• _Problem to work on_: Retype all the records below exactly as they are, with no image carried over.

[Saved data entries]
——————————
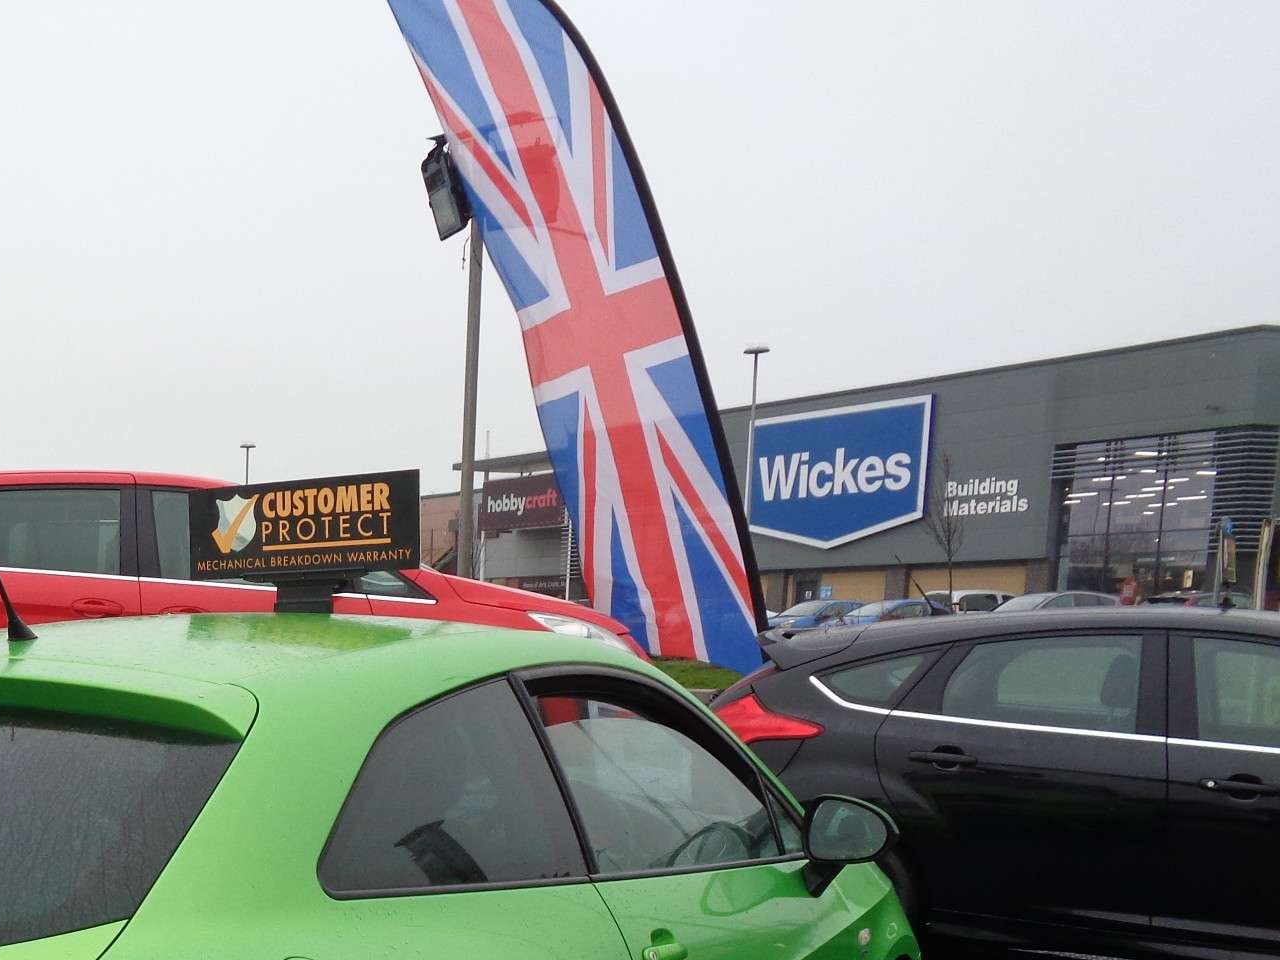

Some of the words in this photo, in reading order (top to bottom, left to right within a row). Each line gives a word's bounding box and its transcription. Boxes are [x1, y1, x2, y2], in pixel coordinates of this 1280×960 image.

[758, 447, 912, 502] Wickes
[944, 477, 1020, 500] Building
[261, 482, 391, 519] CUSTOMER
[487, 487, 558, 516] hobbycraft
[943, 495, 1030, 518] Materials
[261, 512, 392, 543] PROTECT
[197, 556, 267, 572] MECHANICAL
[270, 552, 342, 568] BREAKDOWN
[347, 548, 412, 563] WARRANTY
——————————
• _Result of this exercise_:
Some of the words in this photo, in reading order (top to bottom, left to right within a row). Each line gives a word's bounding box and its transcription. Boxes are [x1, y1, x2, y2], in pixel coordinates of this 1280×960 image.

[758, 447, 912, 502] Wickes
[944, 477, 1020, 500] Building
[261, 482, 391, 519] CUSTOMER
[487, 487, 558, 516] hobbycraft
[943, 495, 1030, 518] Materials
[261, 512, 392, 543] PROTECT
[197, 556, 267, 572] MECHANICAL
[270, 552, 342, 568] BREAKDOWN
[347, 548, 412, 563] WARRANTY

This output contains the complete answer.